→ EXERCISE INSTRUCTIONS: Pictures do not belong in the copy; retype the records below exactly.

Dataset excerpts:
=== Begin Enclosure ===
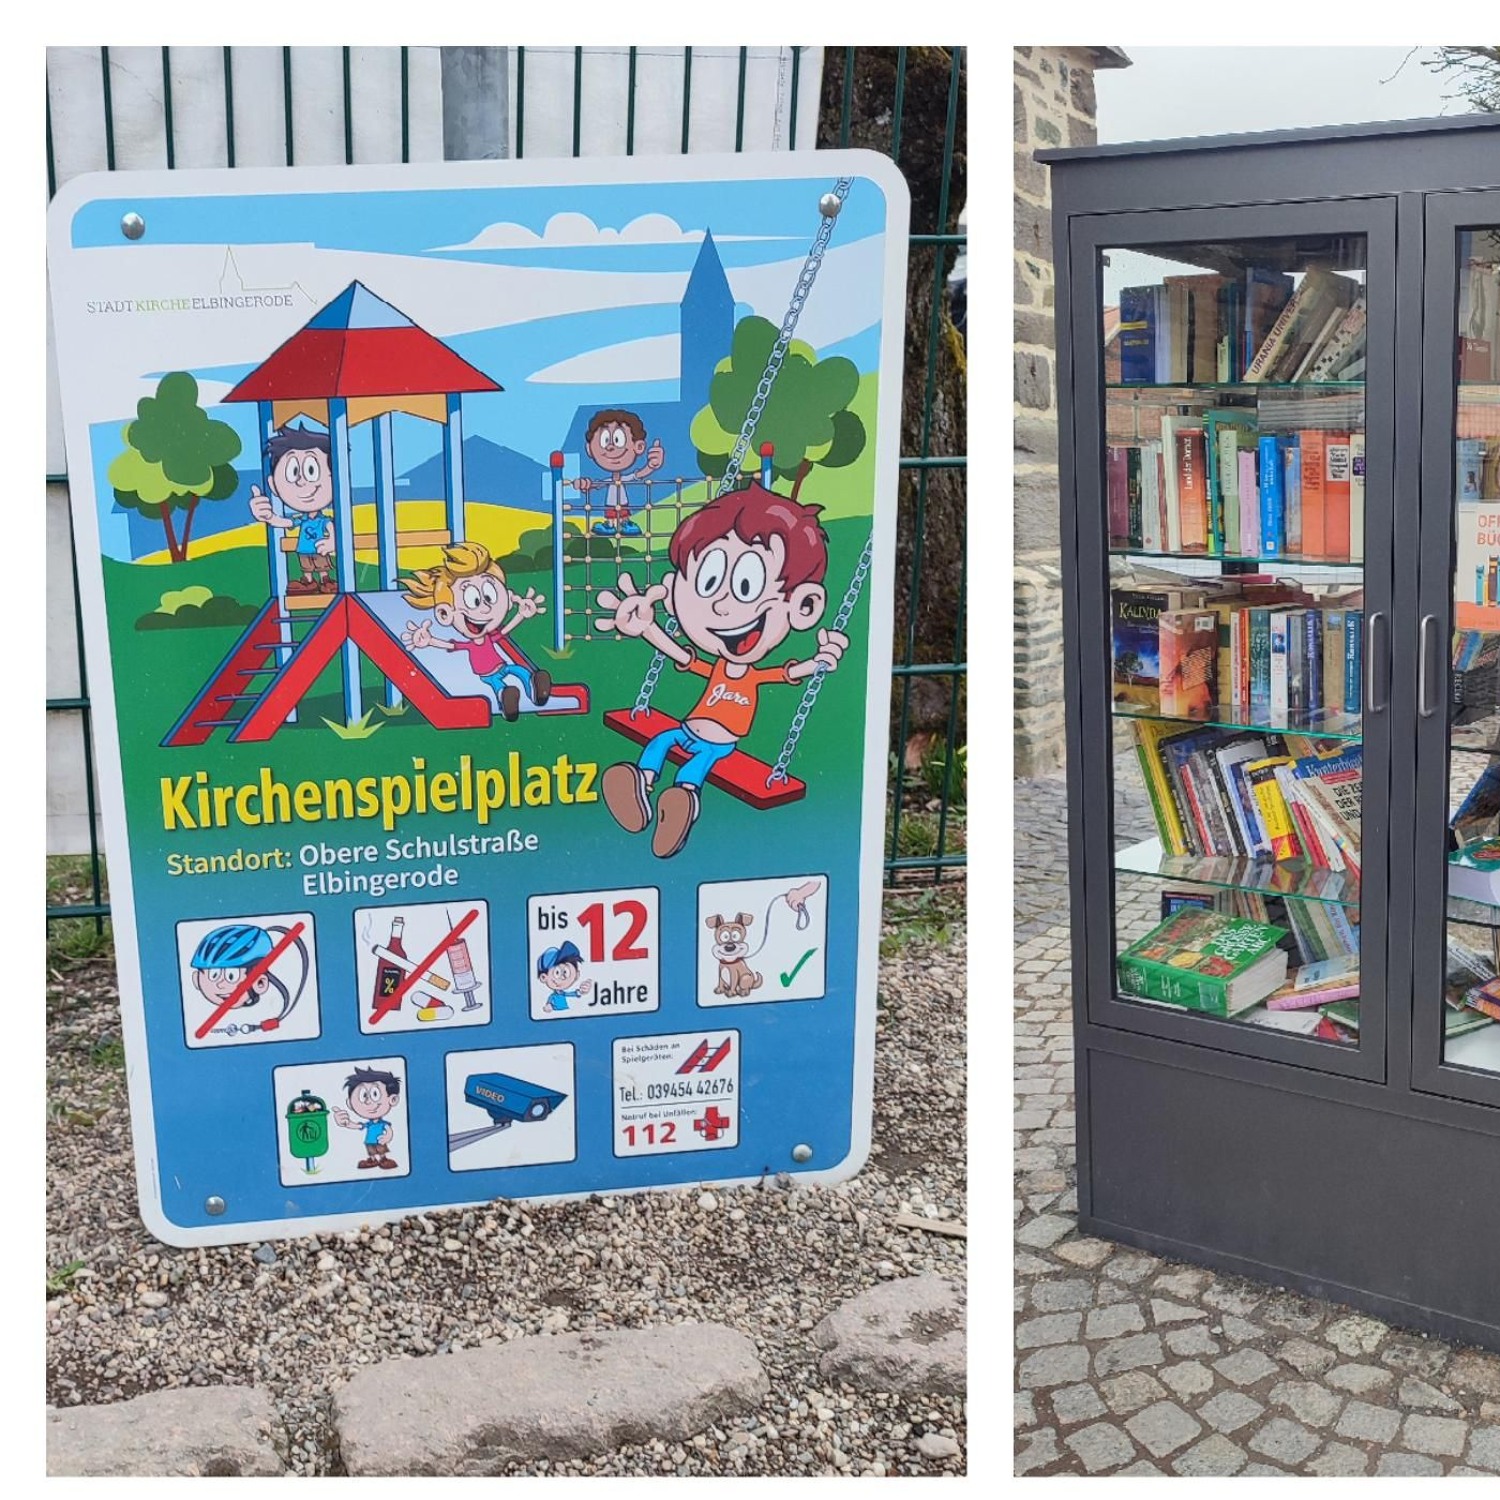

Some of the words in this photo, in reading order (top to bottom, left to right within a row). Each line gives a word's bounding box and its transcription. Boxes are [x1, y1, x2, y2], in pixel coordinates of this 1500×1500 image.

[159, 751, 599, 831] Kirchenspielplatz
[167, 847, 293, 876] Standort:
[299, 837, 379, 868] Obere
[385, 829, 540, 862] Schulstraße
[302, 864, 459, 897] Elbingerode
[538, 905, 569, 931] bis
[576, 900, 649, 963] 12
[588, 980, 649, 1007] Jahre
[475, 1085, 505, 1103] VIDEO
[647, 1081, 693, 1100] 039454
[696, 1078, 734, 1095] 42676
[622, 1121, 677, 1147] 112
=== End Enclosure ===
→ SOLUTION TO THIS PROBLEM:
Some of the words in this photo, in reading order (top to bottom, left to right within a row). Each line gives a word's bounding box and its transcription. Boxes are [x1, y1, x2, y2], in pixel coordinates of this 1500×1500 image.

[159, 751, 599, 831] Kirchenspielplatz
[167, 847, 293, 876] Standort:
[299, 837, 379, 868] Obere
[385, 829, 540, 862] Schulstraße
[302, 864, 459, 897] Elbingerode
[538, 905, 569, 931] bis
[576, 900, 649, 963] 12
[588, 980, 649, 1007] Jahre
[475, 1085, 505, 1103] VIDEO
[647, 1081, 693, 1100] 039454
[696, 1078, 734, 1095] 42676
[622, 1121, 677, 1147] 112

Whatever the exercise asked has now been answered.